WOONSOCKET — The Wisconsin group that condemned a World War I monument bearing a Latin cross as a violation of the separation of church and state because it’s located on city property may have a legal battle on its hands after all.
Buoyed by offers of free legal assistance and an outpouring of public support, the City Council will decide tonight whether to establish a defense fund to keep the monument at Place Jolicoeur, in the parking lot of Fire Station No. 2, with the Latin cross intact.
“Clearly the level of support we’ve received is an indication of how strongly people around the country feel about the monument,” said Mayor Leo T. Fontaine. “The support they’re offering may enable us to move forward with a defense of a legal claim against the monument, if one is ever filed.”
The Madison, Wisc.-based Freedom From Religion Foundation sent Fontaine a letter on April 13 demanding that the cross be removed from the monument, saying it runs afoul of the constitutional prohibition on state-sponsored religion.

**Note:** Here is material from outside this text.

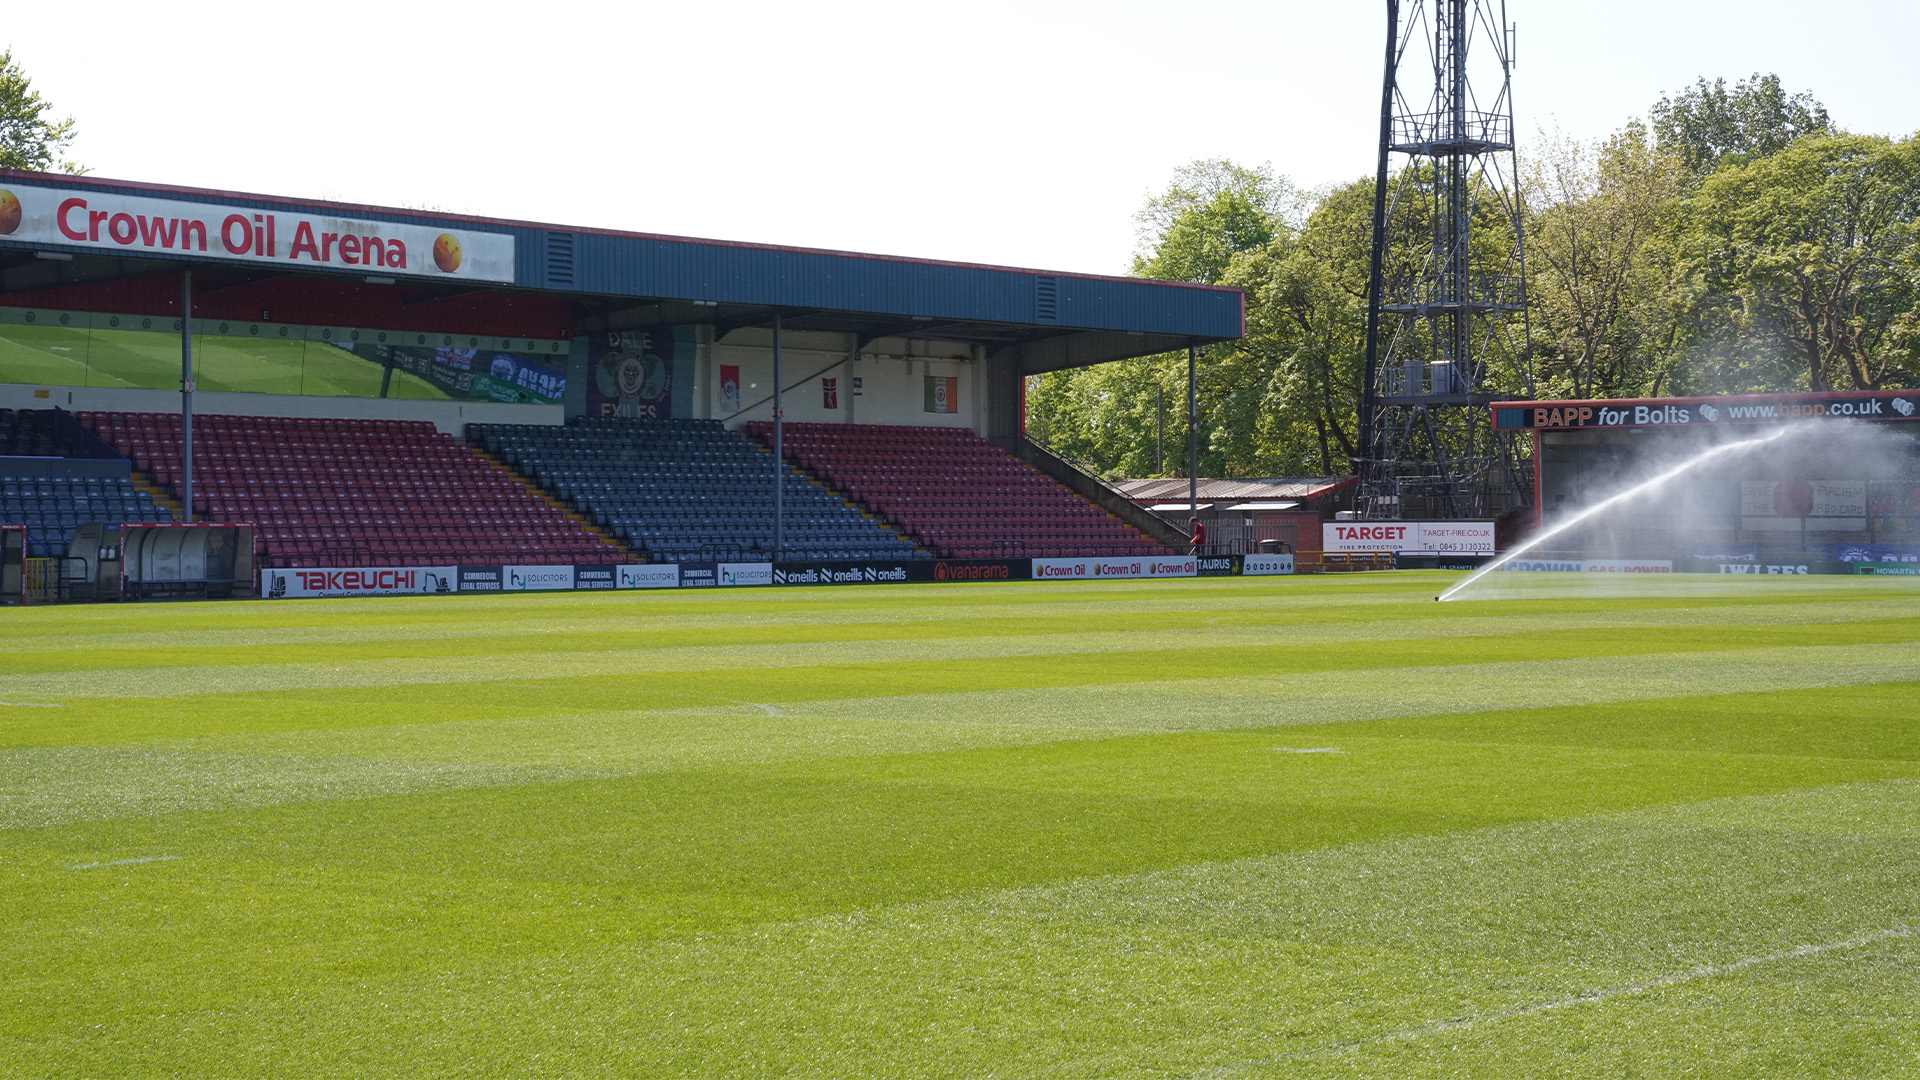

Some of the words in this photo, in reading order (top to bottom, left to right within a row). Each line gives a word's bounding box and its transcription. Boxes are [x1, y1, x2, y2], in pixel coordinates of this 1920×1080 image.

The national nonprofit group also objected to the image of an angel comforting a firefighter and the inclusion of “The Fire Fighter’s Prayer” on the Woonsocket Fire Department’s website, saying they, too, are illegal and must be removed.

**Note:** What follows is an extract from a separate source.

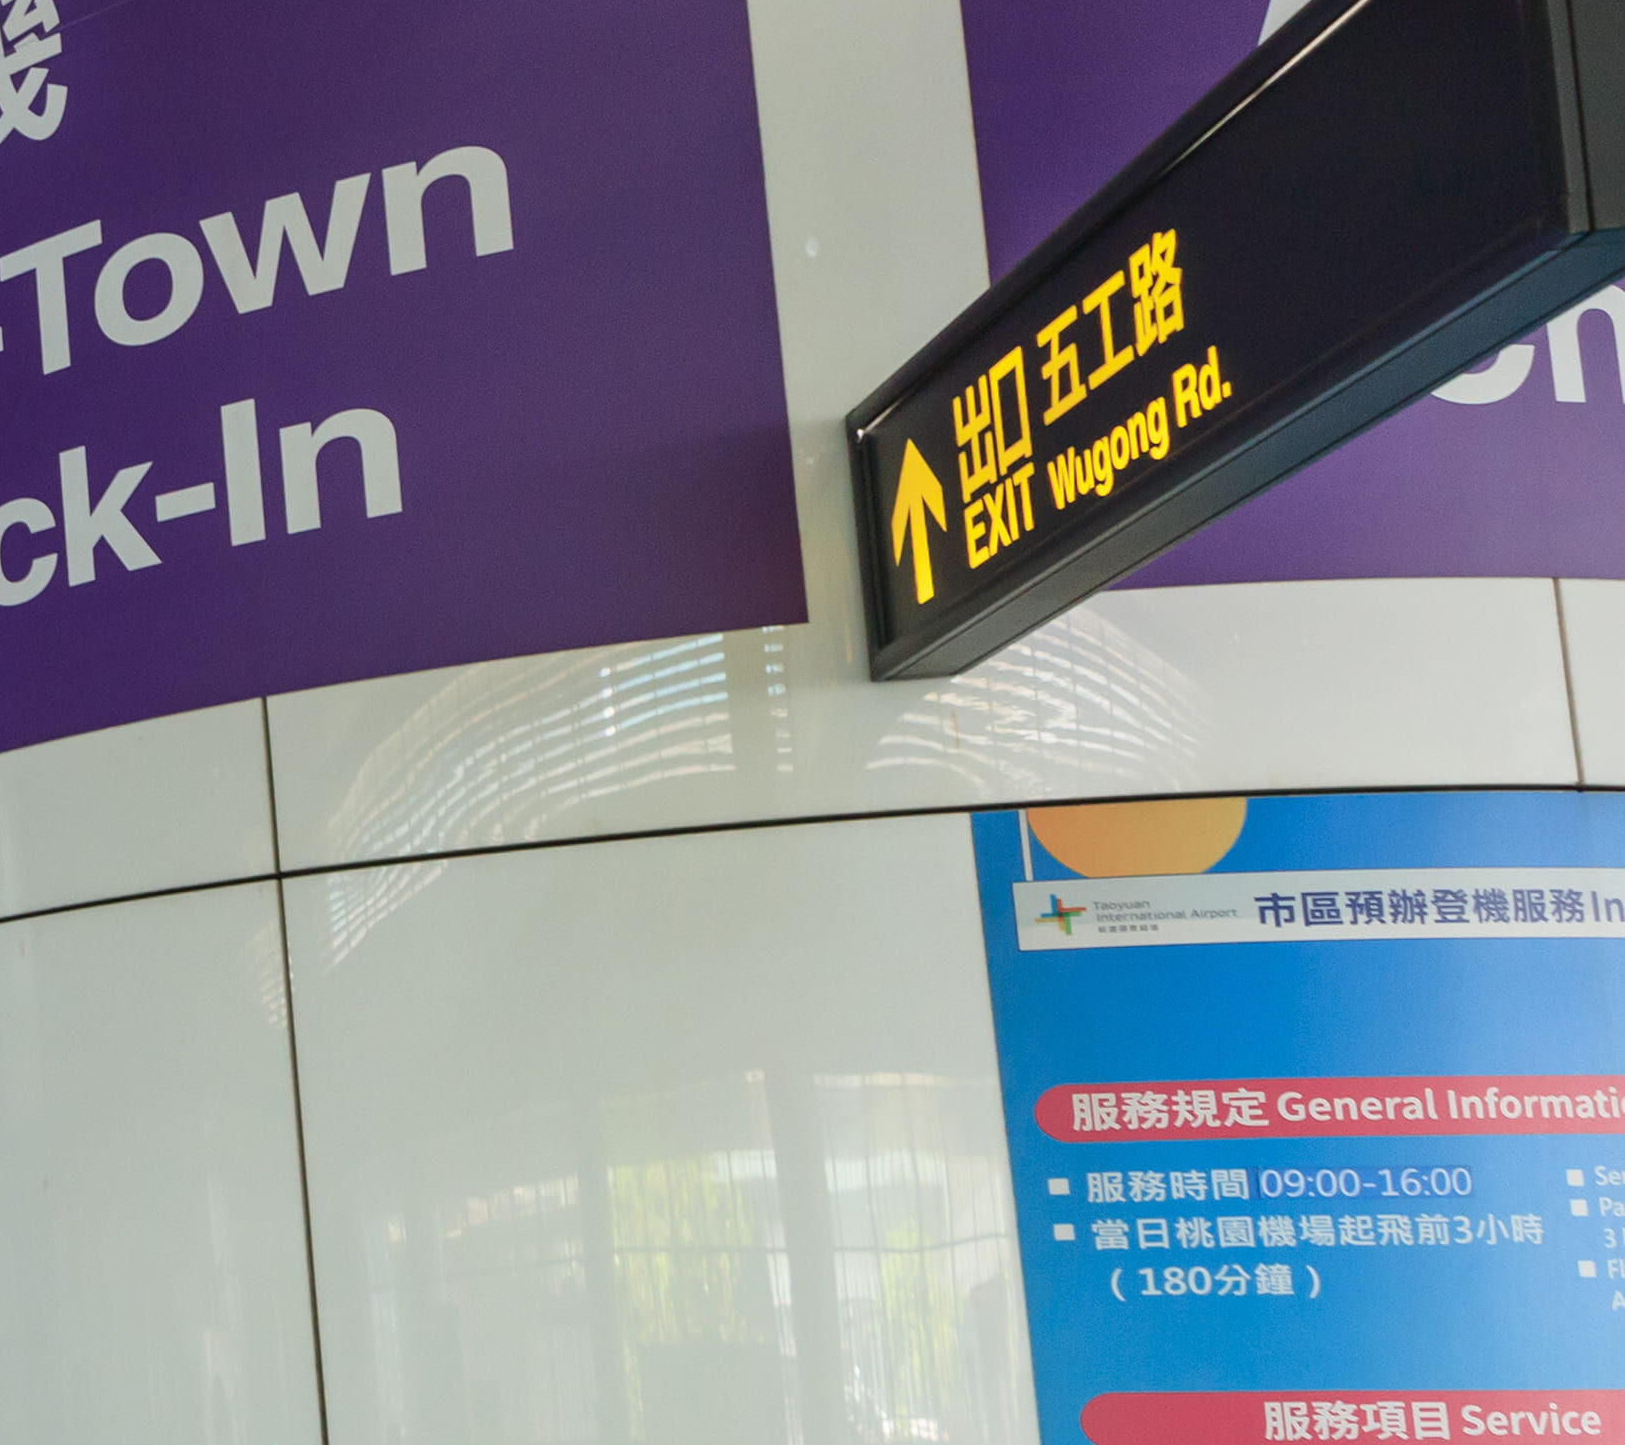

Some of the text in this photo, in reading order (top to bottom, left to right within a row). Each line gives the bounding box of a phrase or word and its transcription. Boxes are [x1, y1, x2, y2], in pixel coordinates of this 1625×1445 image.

The letter was triggered by a complaint from a city resident who is “offended” by the religious icon on city property, according to FFRF, which has so far declined to identify the individual.
If approved, a resolution the council is slated to take up at 7:30 tonight in Harris Hall would create “The City of Woonsocket War Memorial Defense and Preservation Fund.” Money deposited into the account would be separate from the general fund and could be used only for “legal and related costs” incurred in defense of the monument and the disputed content of the WFD’s website.
If it turns out the money isn’t needed for a lawsuit, it could be used to maintain the monument, as well as other military memorials in the city, the resolution says.
Some officials, including the mayor and City Council President John Ward, had expressed a reluctance to get dragged into a costly legal fight after receiving the letter, citing the recent imbroglio with the American Civil Liberties Union over a prayer banner in a Cranston school.
The city is teetering on the brink of insolvency and is looking for ways to eke out the fiscal year, including a hefty supplemental tax bill slated for action in the legislature, probably within a few days.
But the reaction to the potential cost of the litigation surfaced before the story went national, and the phone at City Hall began ringing off the hook with offers of donations to fight the FFRF if it sues Woonsocket over the monument.
Fontaine said the city has since fielded numerous offers of pro bono legal help from foundations committed to religious freedom and law firms, as well as contributions from private individuals, from all over the country.
“The magnitude of the response has been incredible,” said the mayor. “We’ve gotten calls from California, Washington State, Texas and Florida. We’ve gotten calls from five or six law firms and foundations.”
The Liberty Counsel, the Alliance Defense Fund and the Becket Fund for Religious Liberty, which supported Cranston’s fight to save a prayer banner, are among the national organizations offering free legal help.
“The name says it all,” Mat Staver, the Liberty Counsel’s CEO said in a statement opposing the FFRF. “They want no free exercise of religion at all. They are chipping away at our Christian heritage one war memorial, one creche display, one prayer proclamation at a time.”
Fontaine said one ex-Woonsocket resident from Mississippi “offered to fly here and hand-deliver a check to me for $1,000.”
Even political hopefuls are seizing the day. Former State Police Supt. Brendan Doherty, a Republican challenger for the U.S. House seat held by Democrat David Cicilline issued a statement decrying the FFRF’s “overzealous attack” on patriots, while U.S. Senate contender Barry Hinckley, a Republican eyeing Democratic Senator Sheldon Whitehouse’s seat, pledged to put up his own money to help “purchase and preserve” the monument.
The storied marker was dedicated amid much fanfare to the memory of Private William Jolicoeur, a Woonsocket resident killed in World War I. Marshal Ferdinand Foch, a Frenchman who was the supreme commander of the Allied Forces in Europe, traveled to Woonsocket to dedicate the monument on Nov. 13, 1921. The monument was later rededicated in May 1952 in memory of three brothers, Alexandre, Henri and Louis Gagne, after all three were killed in World War II.
Some city officials say the white cross on the monument is not a religious symbol, but a historical artifact intended to replicate the crosses on the gravesites of Jolicoeur, and thousands of other U.S. servicemen, at the location where they are actually buried, in the Meuse-Argonne American Cemetery in France.